╭─ RECORD EXTRACTS

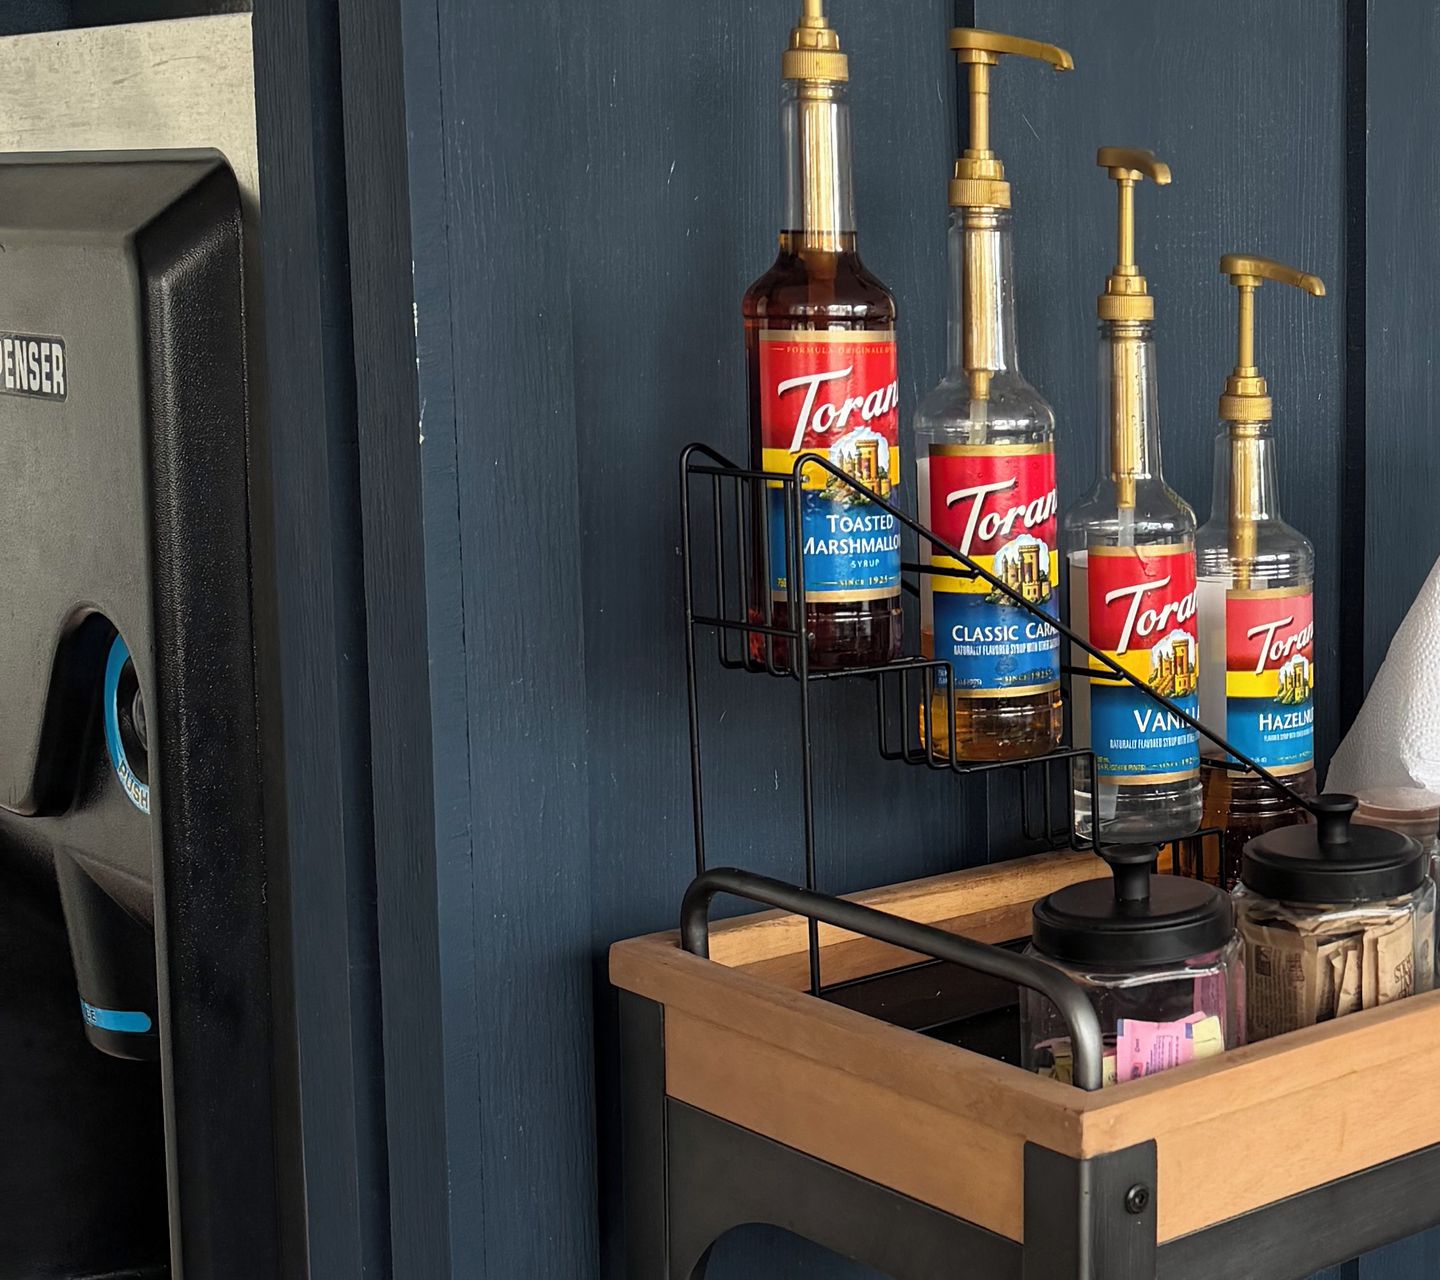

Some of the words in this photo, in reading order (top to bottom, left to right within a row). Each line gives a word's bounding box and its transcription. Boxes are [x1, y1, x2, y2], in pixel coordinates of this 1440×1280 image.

[777, 365, 899, 454] Toran
[826, 514, 894, 534] TOASTED
[946, 477, 1058, 558] Toran
[804, 534, 900, 556] MARSHMALLO
[850, 558, 880, 569] SYRUP
[869, 575, 888, 585] 1925
[952, 625, 1019, 642] CLASSIC

╰─

* **TASK**:
Excluding all pictures, reproduce the records exactly as they appear above.

* **RESULT FOR THIS EXERCISE**:
Some of the words in this photo, in reading order (top to bottom, left to right within a row). Each line gives a word's bounding box and its transcription. Boxes are [x1, y1, x2, y2], in pixel coordinates of this 1440×1280 image.

[777, 365, 899, 454] Toran
[826, 514, 894, 534] TOASTED
[946, 477, 1058, 558] Toran
[804, 534, 900, 556] MARSHMALLO
[850, 558, 880, 569] SYRUP
[869, 575, 888, 585] 1925
[952, 625, 1019, 642] CLASSIC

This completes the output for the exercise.